Dataset Start Marker

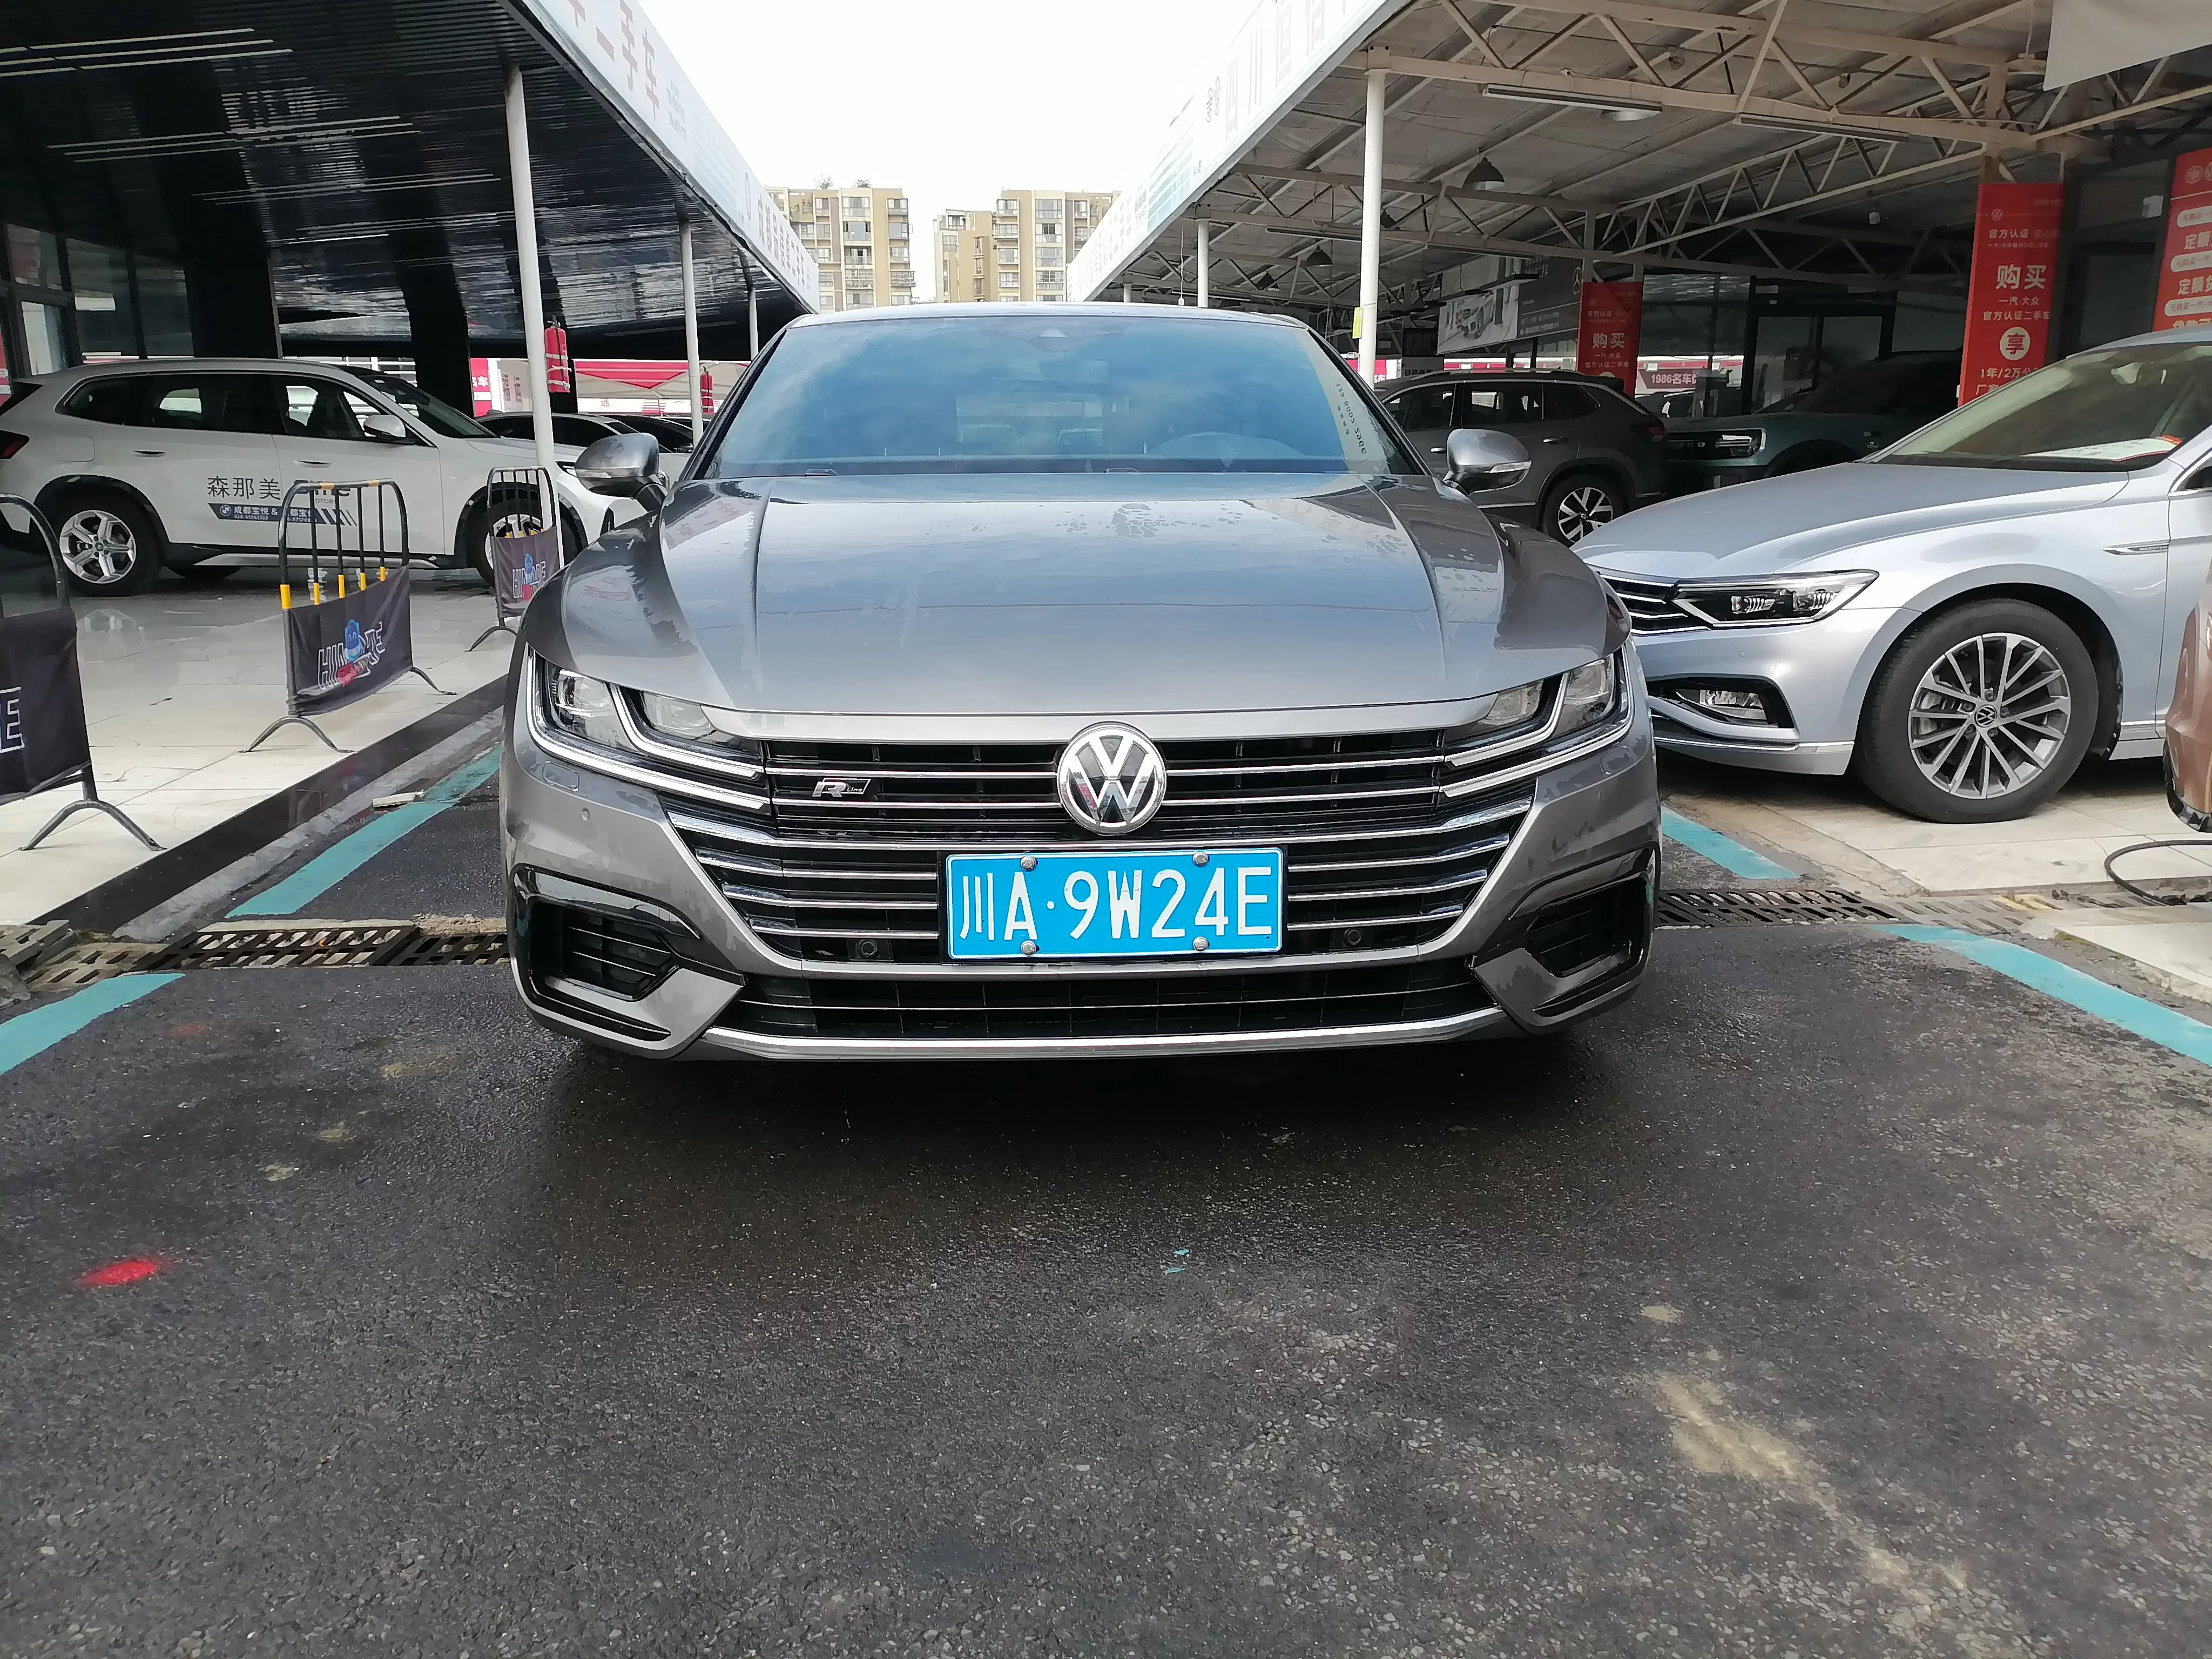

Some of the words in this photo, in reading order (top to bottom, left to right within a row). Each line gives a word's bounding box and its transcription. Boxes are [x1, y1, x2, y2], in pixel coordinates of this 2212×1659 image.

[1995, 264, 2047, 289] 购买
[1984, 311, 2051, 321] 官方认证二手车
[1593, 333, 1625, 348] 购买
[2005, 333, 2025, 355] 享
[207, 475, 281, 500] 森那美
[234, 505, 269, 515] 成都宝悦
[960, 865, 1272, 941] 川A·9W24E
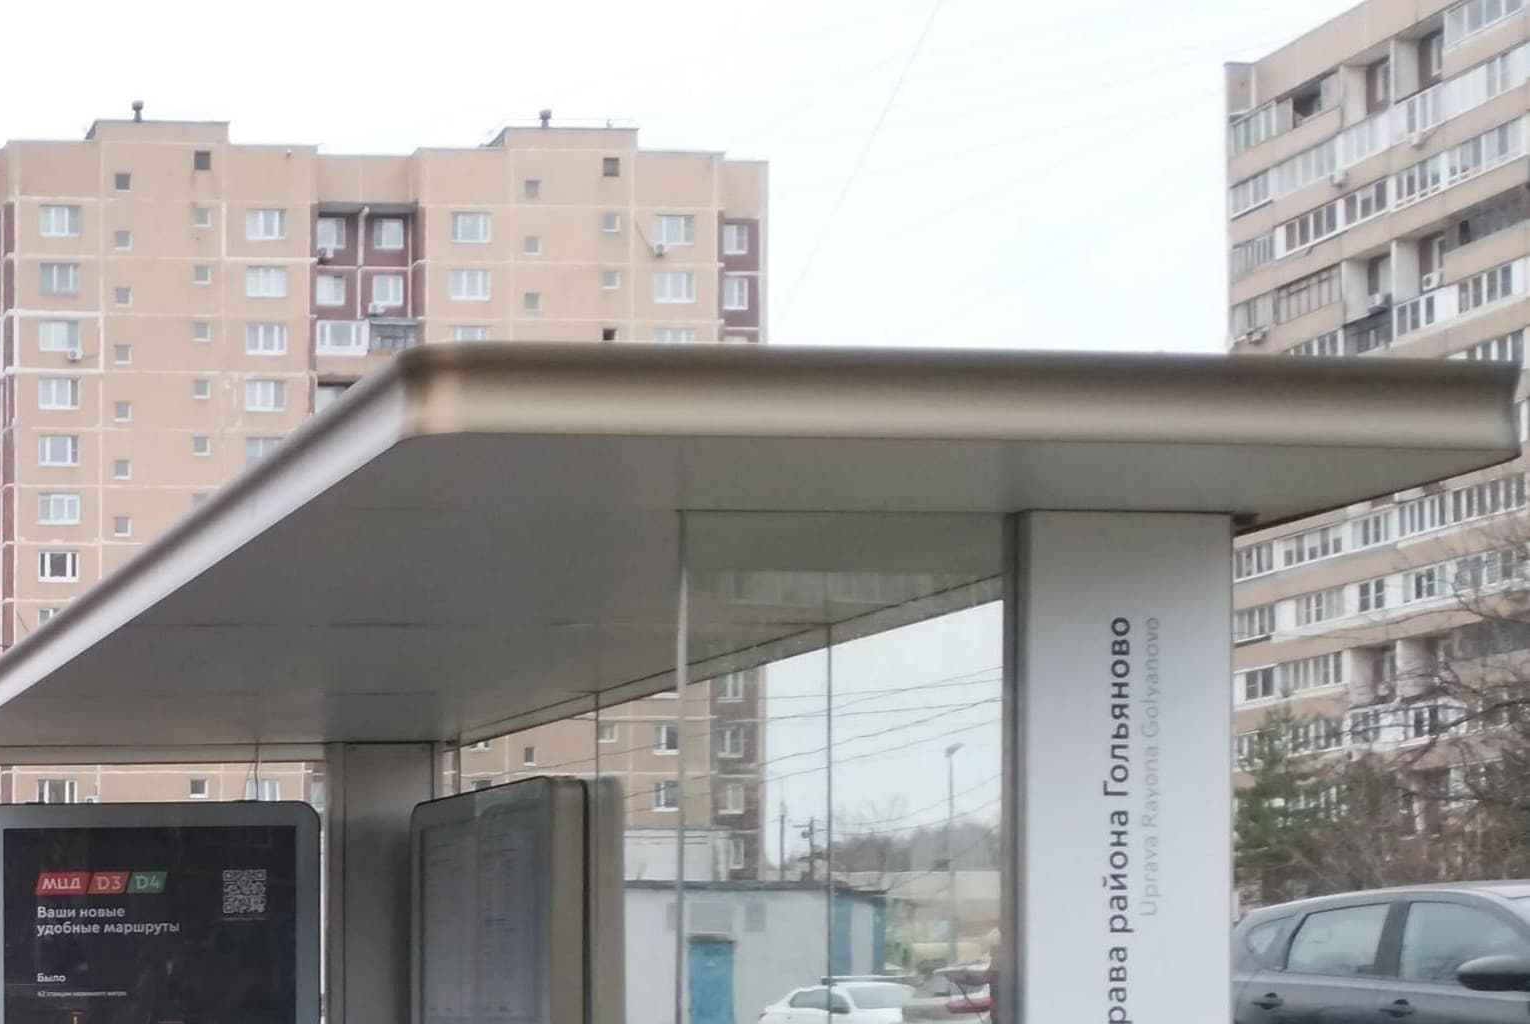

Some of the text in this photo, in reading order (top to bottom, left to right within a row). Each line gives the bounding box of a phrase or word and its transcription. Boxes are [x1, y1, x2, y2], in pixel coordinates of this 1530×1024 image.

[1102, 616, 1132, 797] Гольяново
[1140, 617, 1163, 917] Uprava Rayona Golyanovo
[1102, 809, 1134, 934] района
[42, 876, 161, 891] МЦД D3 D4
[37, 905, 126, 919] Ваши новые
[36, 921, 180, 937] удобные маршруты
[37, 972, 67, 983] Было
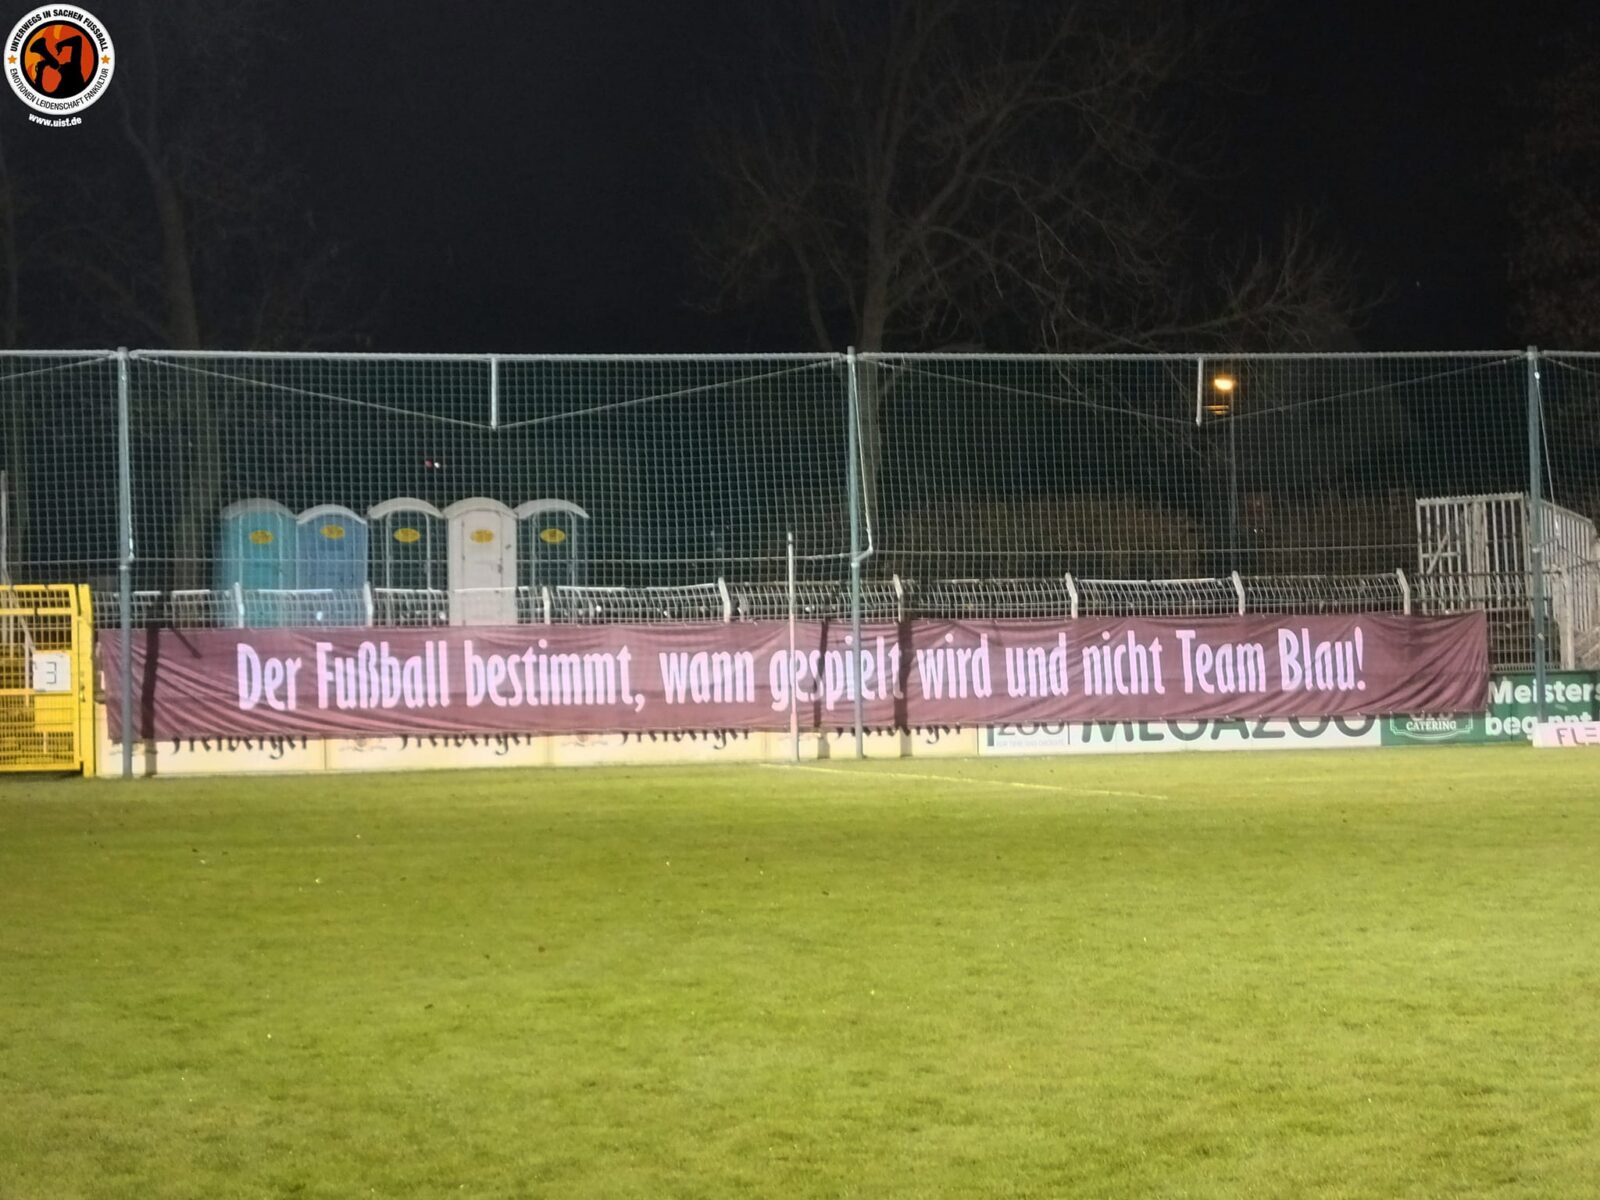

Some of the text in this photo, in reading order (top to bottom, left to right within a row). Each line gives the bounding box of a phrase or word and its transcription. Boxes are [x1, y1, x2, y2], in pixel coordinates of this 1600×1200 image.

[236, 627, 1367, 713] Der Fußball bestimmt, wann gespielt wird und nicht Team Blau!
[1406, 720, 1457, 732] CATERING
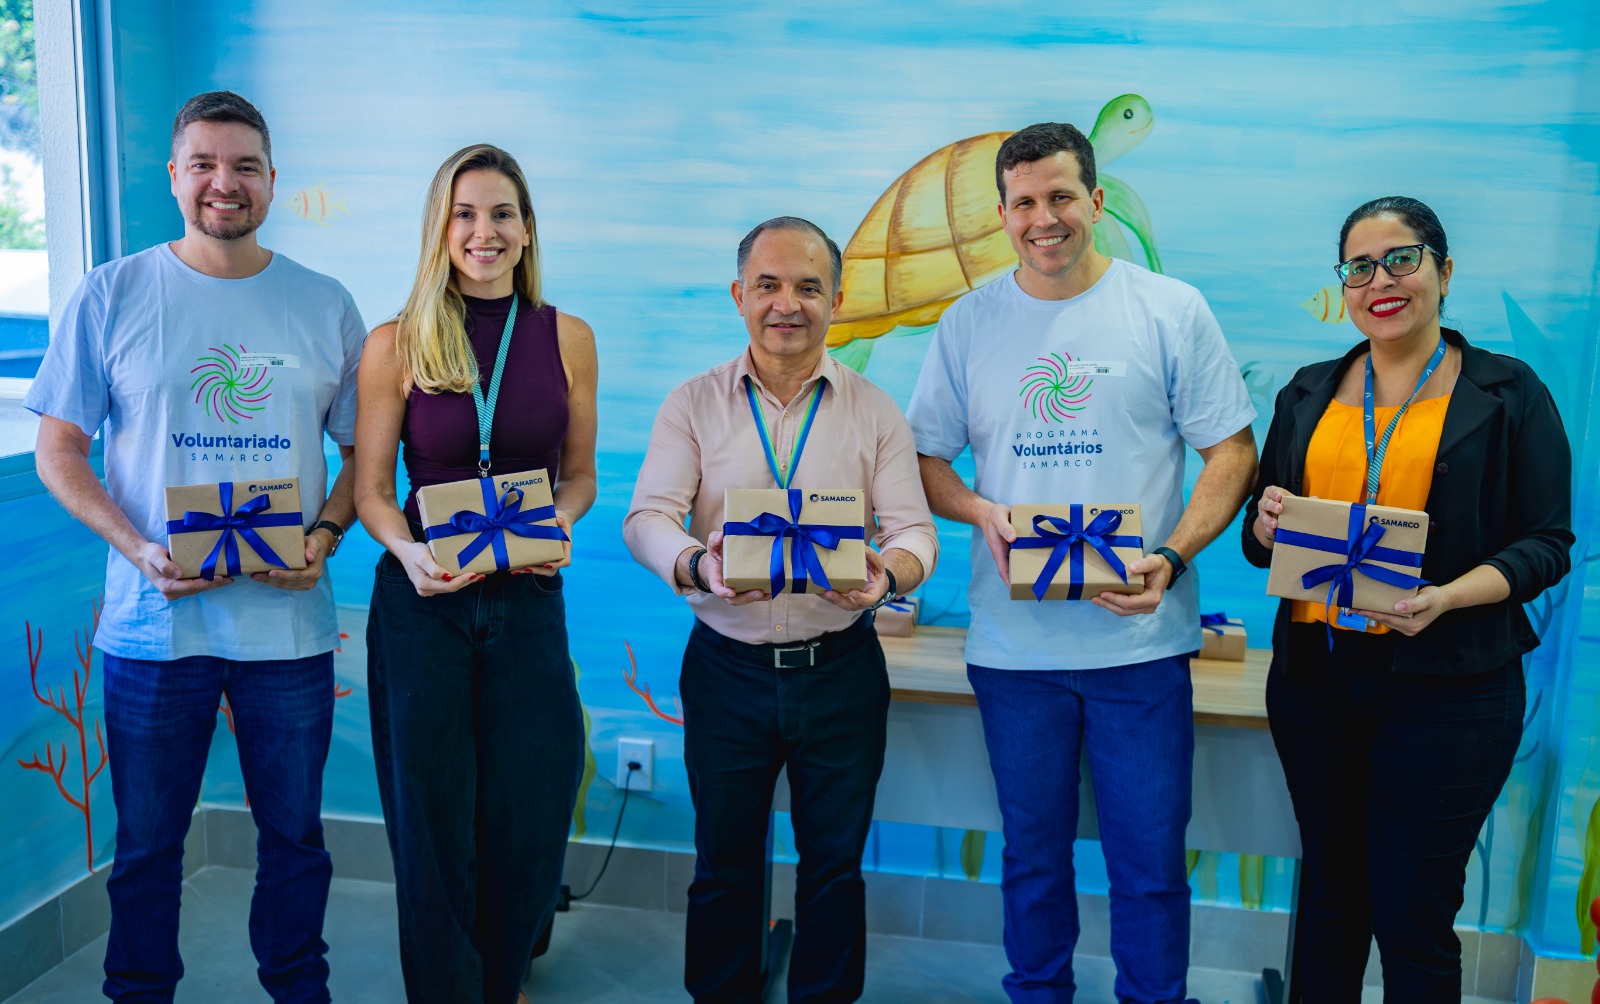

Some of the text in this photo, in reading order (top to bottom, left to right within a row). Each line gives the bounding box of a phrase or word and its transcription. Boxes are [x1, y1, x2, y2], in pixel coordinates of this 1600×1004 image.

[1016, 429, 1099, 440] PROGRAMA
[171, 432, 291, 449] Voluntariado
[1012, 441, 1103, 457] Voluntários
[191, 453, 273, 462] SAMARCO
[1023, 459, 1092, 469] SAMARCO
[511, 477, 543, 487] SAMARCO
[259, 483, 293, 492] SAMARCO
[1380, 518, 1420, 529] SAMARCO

Dataset End Marker

**Task prompt**
Leaving every picture out, write out exactly the lines from the one that holds "this 1600×1200 image." through the end of the listing, both included.

**Task solution**
Some of the text in this photo, in reading order (top to bottom, left to right within a row). Each line gives the bounding box of a phrase or word and its transcription. Boxes are [x1, y1, x2, y2], in pixel coordinates of this 1600×1200 image.

[236, 627, 1367, 713] Der Fußball bestimmt, wann gespielt wird und nicht Team Blau!
[1406, 720, 1457, 732] CATERING

Some of the text in this photo, in reading order (top to bottom, left to right within a row). Each line gives the bounding box of a phrase or word and its transcription. Boxes are [x1, y1, x2, y2], in pixel coordinates of this 1600×1004 image.

[1016, 429, 1099, 440] PROGRAMA
[171, 432, 291, 449] Voluntariado
[1012, 441, 1103, 457] Voluntários
[191, 453, 273, 462] SAMARCO
[1023, 459, 1092, 469] SAMARCO
[511, 477, 543, 487] SAMARCO
[259, 483, 293, 492] SAMARCO
[1380, 518, 1420, 529] SAMARCO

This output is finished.